On the advice of attorneys, elected officials have so far used cautious terms to describe their reaction to the proposed merger. Expressions of outright opposition before hearings are held might jeopardize an official’s right to vote on the matter, said San Diego Assistant City Atty. Curtis Fitzpatrick.

O’Connor disclosed that she would urge SDG&E;’s Board of Directors to reconsider its Dec. 1 decision to merge with Rosemead-based SCEcorp in light of accusations Monday that Edison gave preferential treatment to a sister company in a pattern of “self-dealing” that has cost its customers at least $124 million in excessive electricity costs.

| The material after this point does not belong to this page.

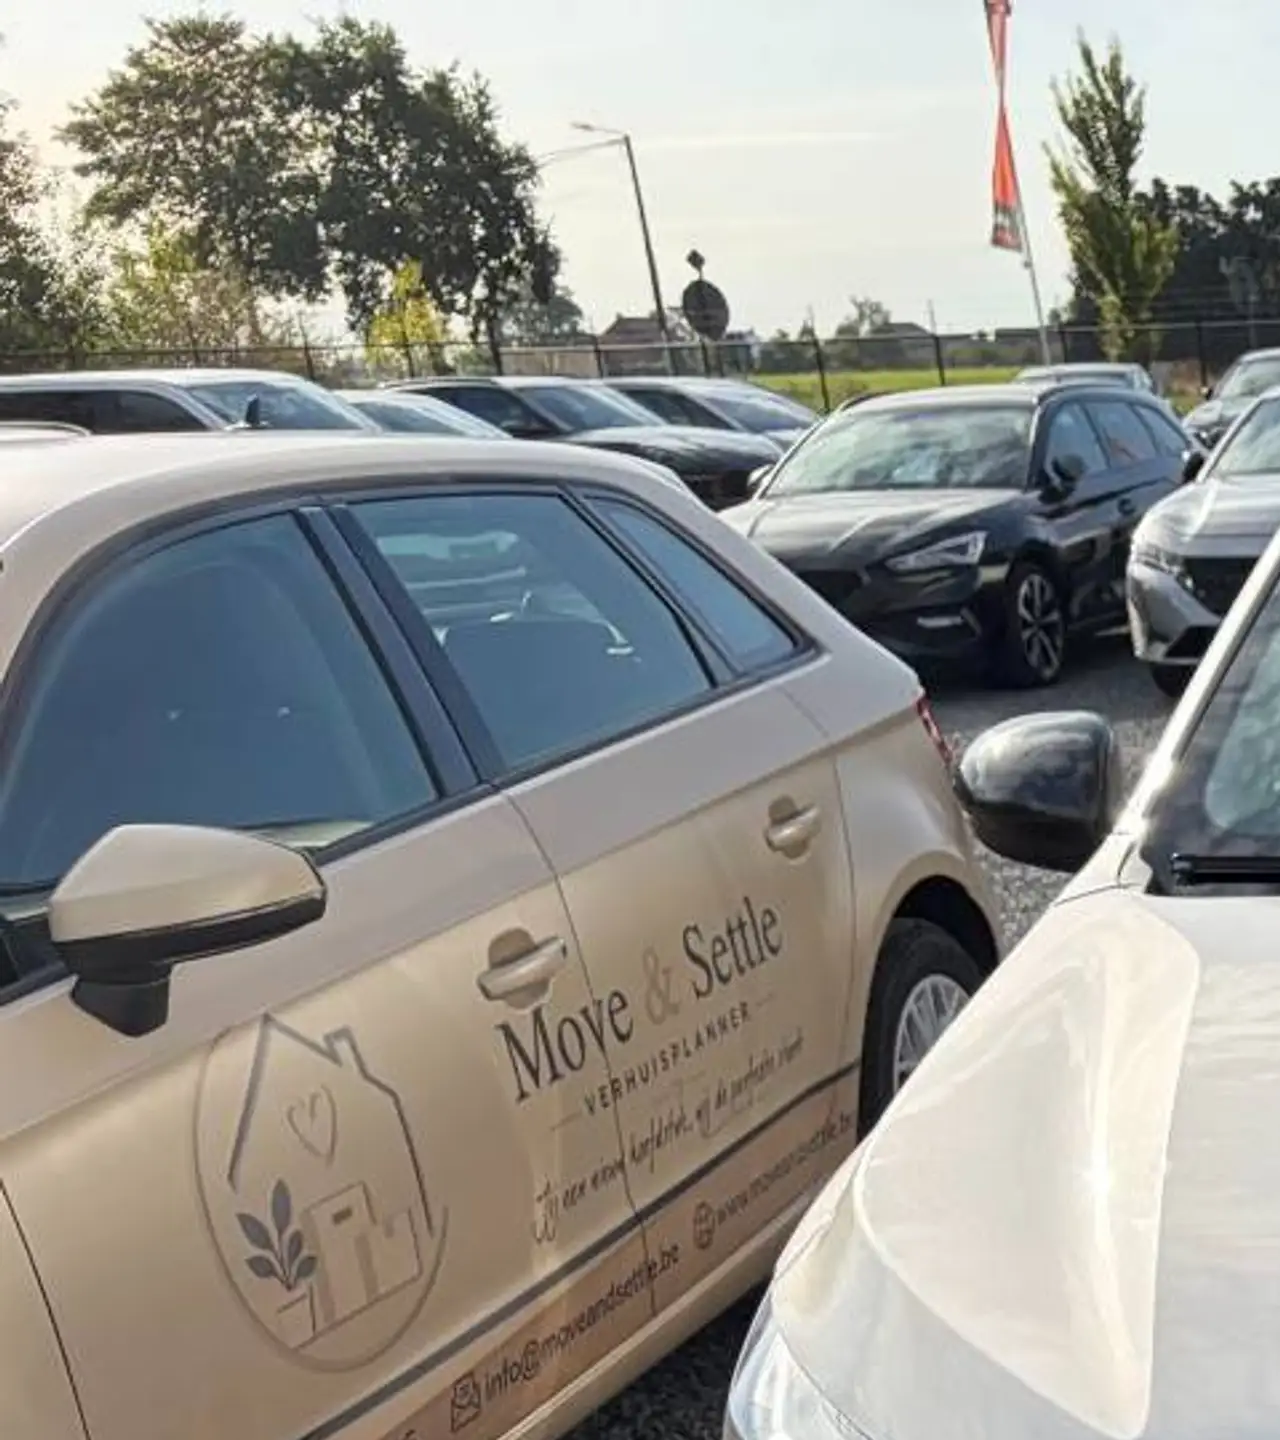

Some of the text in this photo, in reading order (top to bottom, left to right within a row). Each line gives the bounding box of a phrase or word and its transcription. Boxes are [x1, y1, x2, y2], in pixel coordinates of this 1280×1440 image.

The California Public Utilities Commission’s Division of Ratepayer Advocates recommended that Edison be forced to refund the money.

To Distribute Letter

O’Connor said she will distribute the letter urging reconsideration at a meeting Monday of San Diego County members of the California League of Cities in an attempt to gain the backing of all of the county’s 17 cities for her initiative.

The cities of Carlsbad, Chula Vista, Coronado, Del Mar, El Cajon, Escondido, Imperial Beach, Lemon Grove, Poway, Santee, Solana Beach and San Diego were represented by mayors, vice mayors, council members or planning officials at Wednesday’s meeting. County Counsel Lloyd Harmon and an aide to County Supervisor Leon Williams represented the county.

San Diego and Chula Vista leaders have said that they hold the power to veto the merger based on their individual franchise agreements with SDG&E; contained in each city charter. Only Chula Vista’s City Council has acted, though, voting Tuesday night to begin the proceedings necessary to condemn and acquire SDG&E; assets within city limits.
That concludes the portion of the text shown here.